Le conducteur qui n’a consommé que du cannabis est généralement encore plus conscient de son intoxication que ne l’est une personne sous l’emprise de l’alcool. Pour compenser, il aura tendance à rouler plus lentement et à prendre moins de risques.

Certains croient même qu’après avoir fumé, ils sont plus détendus et donc, plus prudents… Erreur!
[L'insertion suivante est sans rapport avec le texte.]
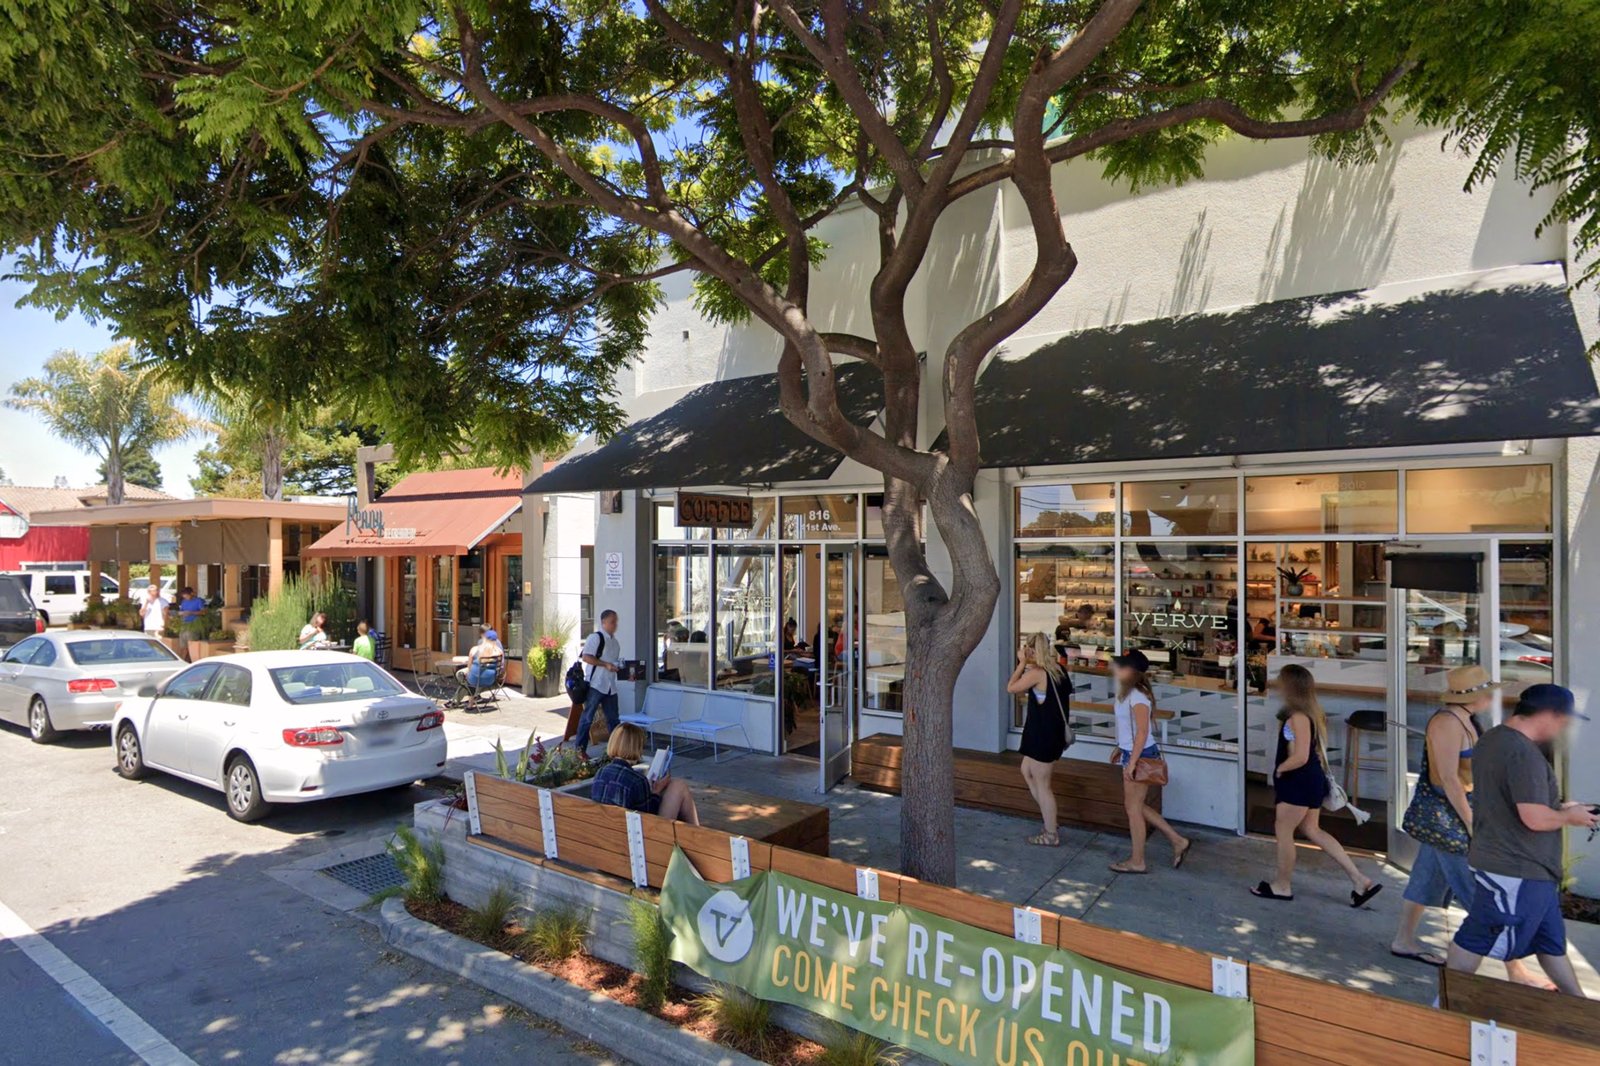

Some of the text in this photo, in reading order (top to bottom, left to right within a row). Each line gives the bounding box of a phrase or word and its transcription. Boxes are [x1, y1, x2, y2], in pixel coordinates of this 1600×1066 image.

[680, 498, 751, 524] COFFEE
[808, 509, 831, 521] 816
[821, 522, 842, 532] Ave.
[1130, 611, 1229, 630] VERVE
[776, 885, 1172, 1055] WE'VE RE-OPENED
[771, 944, 1045, 1066] COME CHECK US
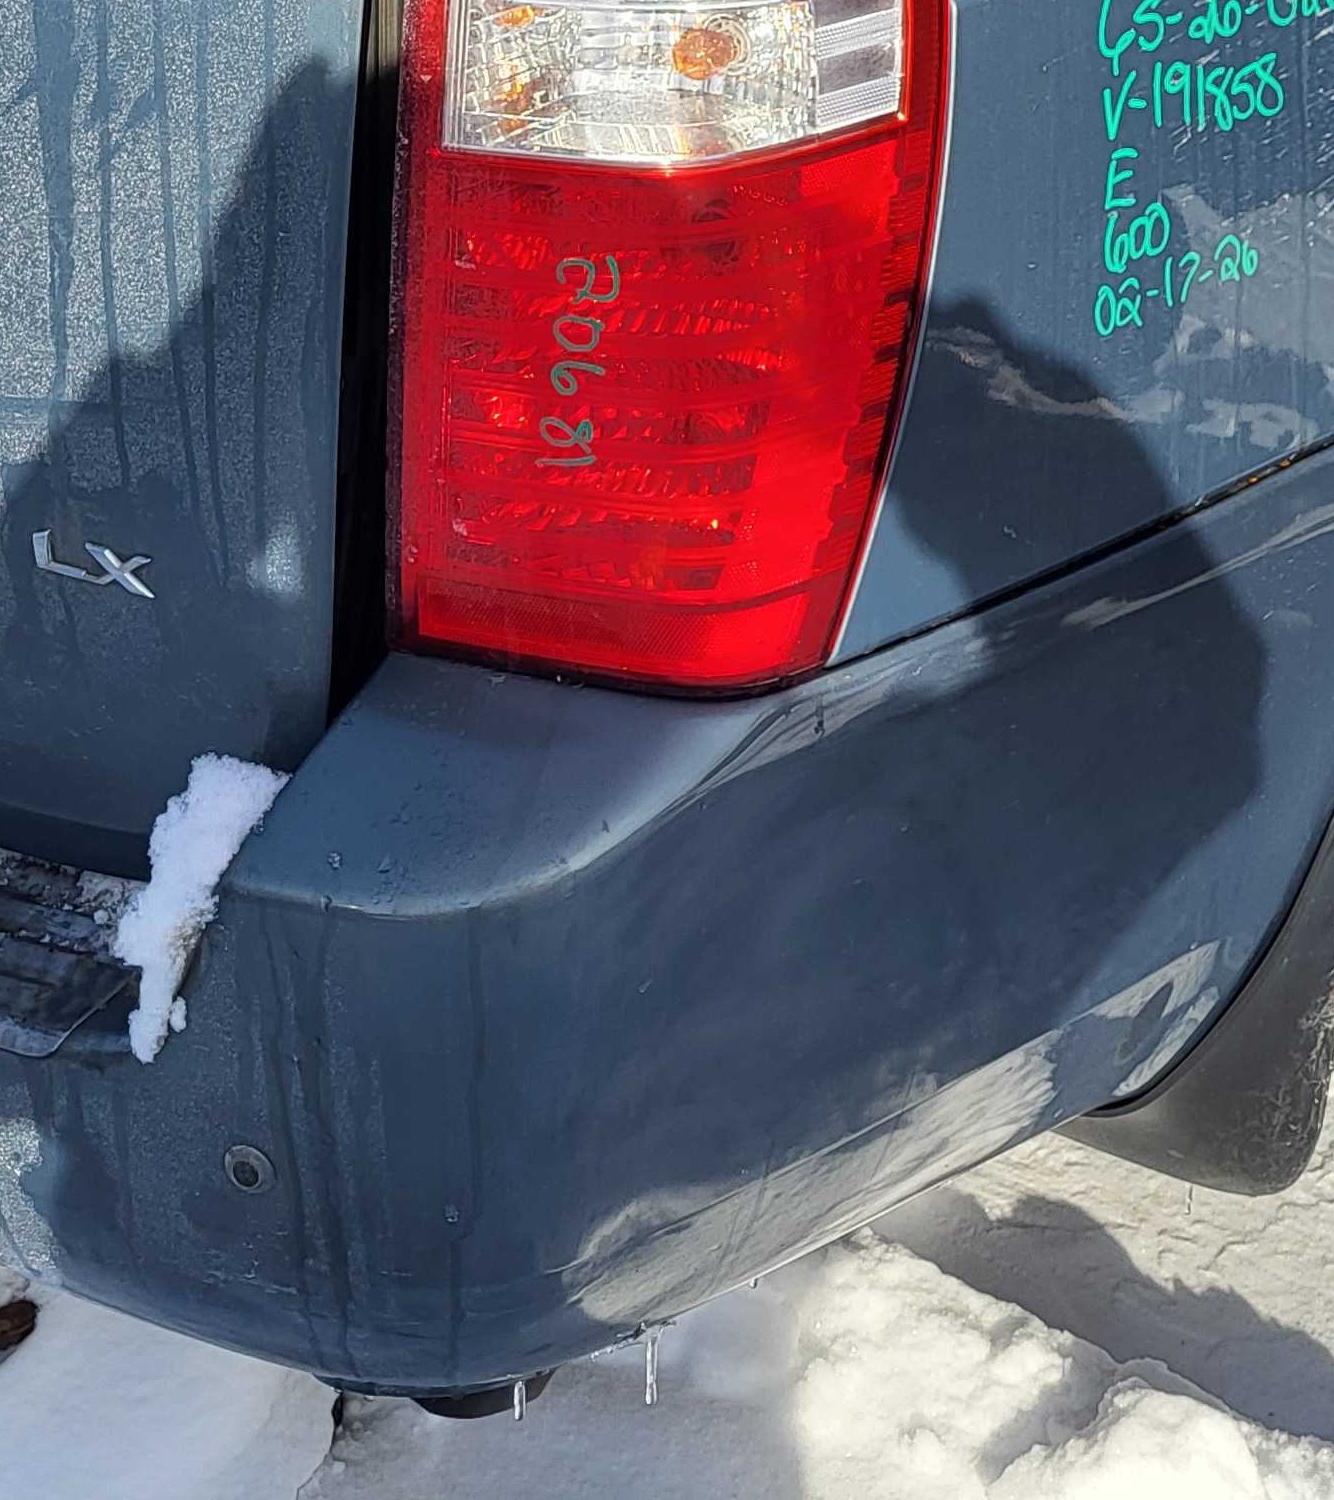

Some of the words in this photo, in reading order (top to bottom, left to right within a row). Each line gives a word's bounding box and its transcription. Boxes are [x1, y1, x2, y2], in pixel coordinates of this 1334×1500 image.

«Penser qu’on est un meilleur conducteur après avoir consommé est une perception dangereuse », prévient le Dr Robert Mann du Centre de toxicomanie et de santé mentale de Toronto, lui aussi cité par Radio-Canada.

D’ailleurs, un sondage réalisé en 2013 par la SAAQ faisait écho à cette perception erronée: à peine la moitié (54 %) des conducteurs interrogés estimaient que le risque d’être arrêté s’ils avaient consommé de la drogue était élevé, comparativement au tiers (67 %) pour les facultés affaiblies par l’alcool.

Quand même: quatre interrogés sur cinq (81 %) considéraient élevé le risque d’avoir un accident sous l’effet de drogue, contre près de 87 % pour l’alcool.

Peu importe les nuances que peuvent comporter les statistiques, le message est clair: ce n’est pas parce que la consommation récréative de cannabis deviendra bientôt légale que les automobilistes seront à l’abri des dangers d’une conduite sous l’effet du pot.